Crucially, intent formalization is not restricted to verification-aware languages—tests and code contracts apply to any mainstream language (Python, Java, C++, Rust). Verification-aware languages such as Dafny and Verus can offer stronger guarantees through machine-checked proofs, and domain-specific languages go further still—serving as complete specifications from which correct code is synthesized automatically. The first two levels of the spectrum, however, are language-agnostic and immediately deployable.

Tests and code contracts can be checked dynamically—by running the program. Logical contracts require static verification via a program verifier, offering stronger guarantees but demanding more sophisticated specifications and tooling. DSLs occupy the far end of the spectrum: the specification is complete enough that correct code is synthesized automatically via verified compilation (Section 3.4). A key insight is that these levels are not alternatives—they are complementary, and progress at any level enables progress at the others. For instance, tests can validate postconditions, postconditions can guide invariant discovery, and invariants can anchor full proofs. Intent formalization is not just limited to code generation. Even a test oracle—the expected output for a single test input—is an instance of intent formalization [7].

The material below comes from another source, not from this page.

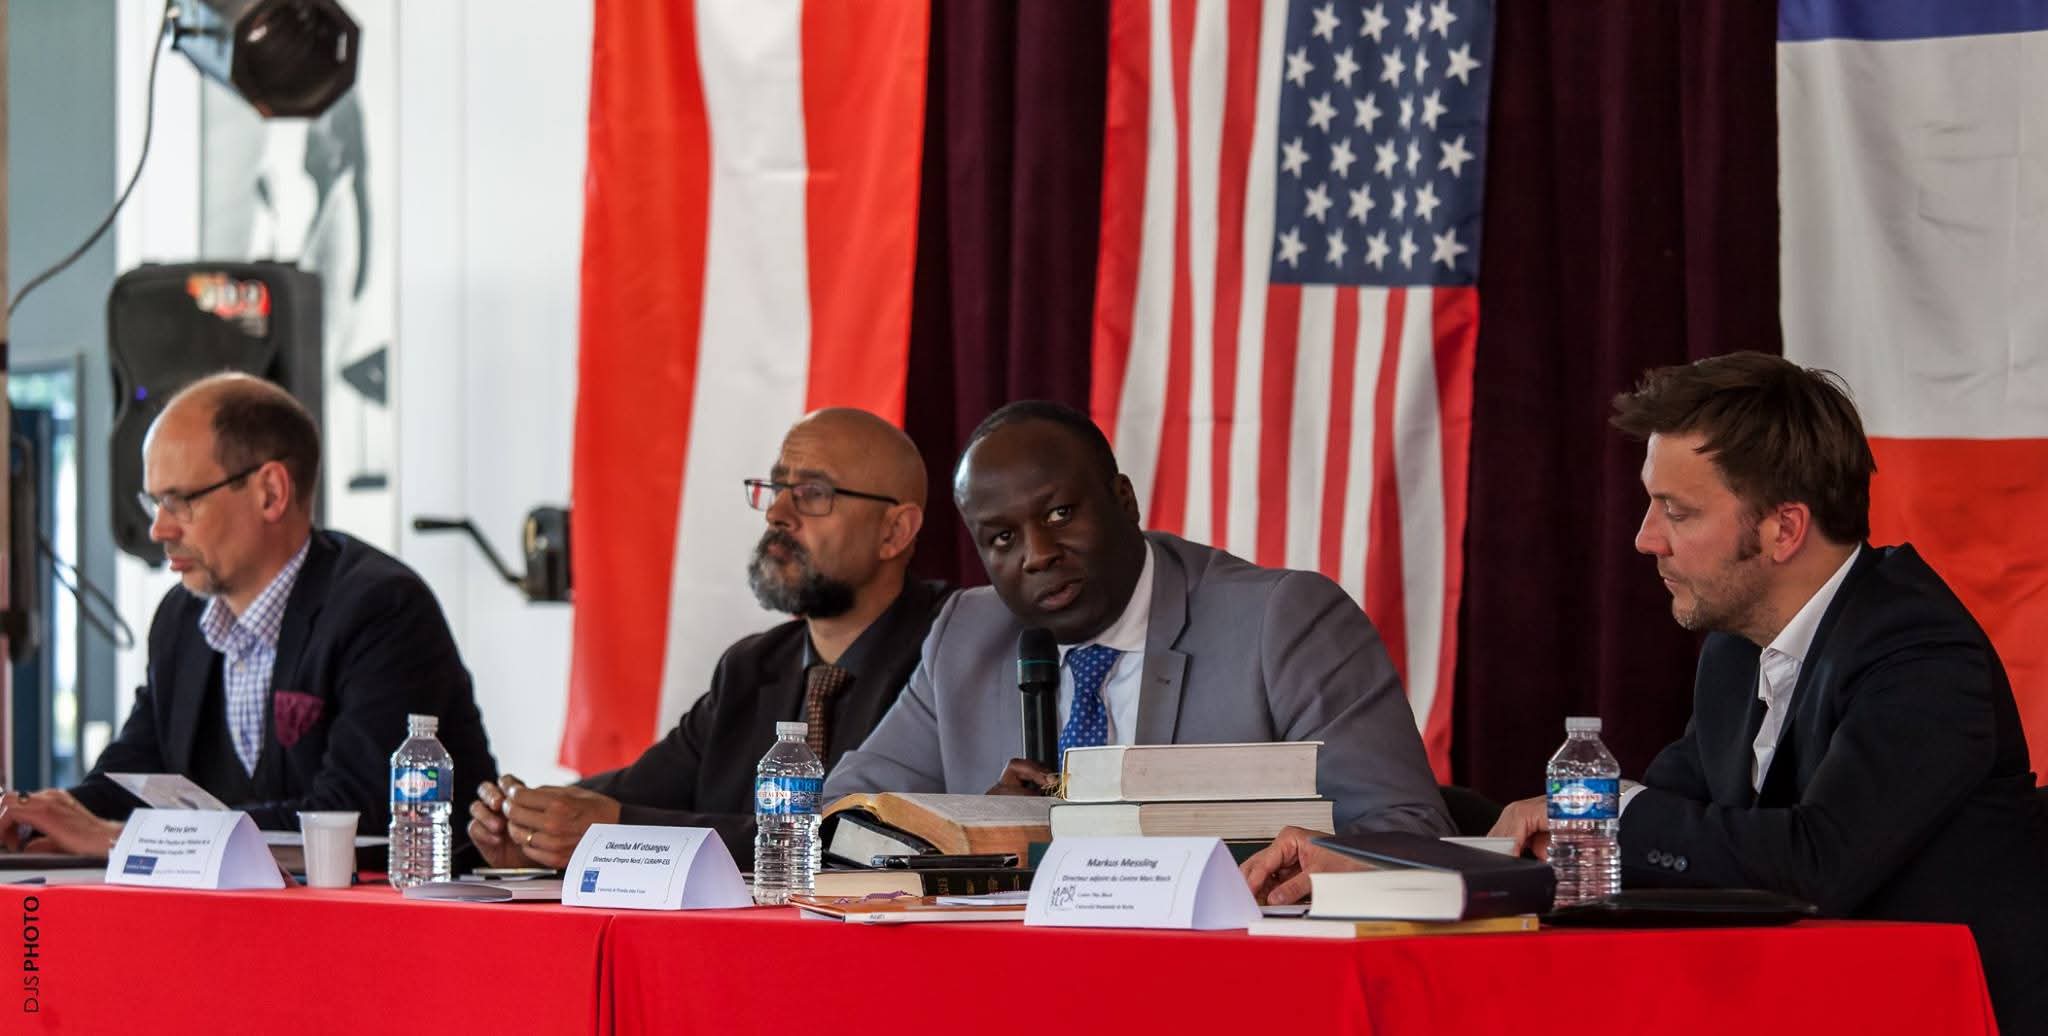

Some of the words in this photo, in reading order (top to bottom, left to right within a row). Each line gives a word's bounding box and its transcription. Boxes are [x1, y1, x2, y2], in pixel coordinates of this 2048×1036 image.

Two important distinctions. Not autoformalization. Intent formalization is distinct from autoformalization—the translation of complete natural language specifications into formal logic [8]. Autoformalization seeks full fidelity to a complete source text; intent formalization offers a cost-effective spectrum—from disambiguating the most ambiguity-prone properties of an inherently incomplete NL prompt to domain-specific languages from which correct code is synthesized automatically.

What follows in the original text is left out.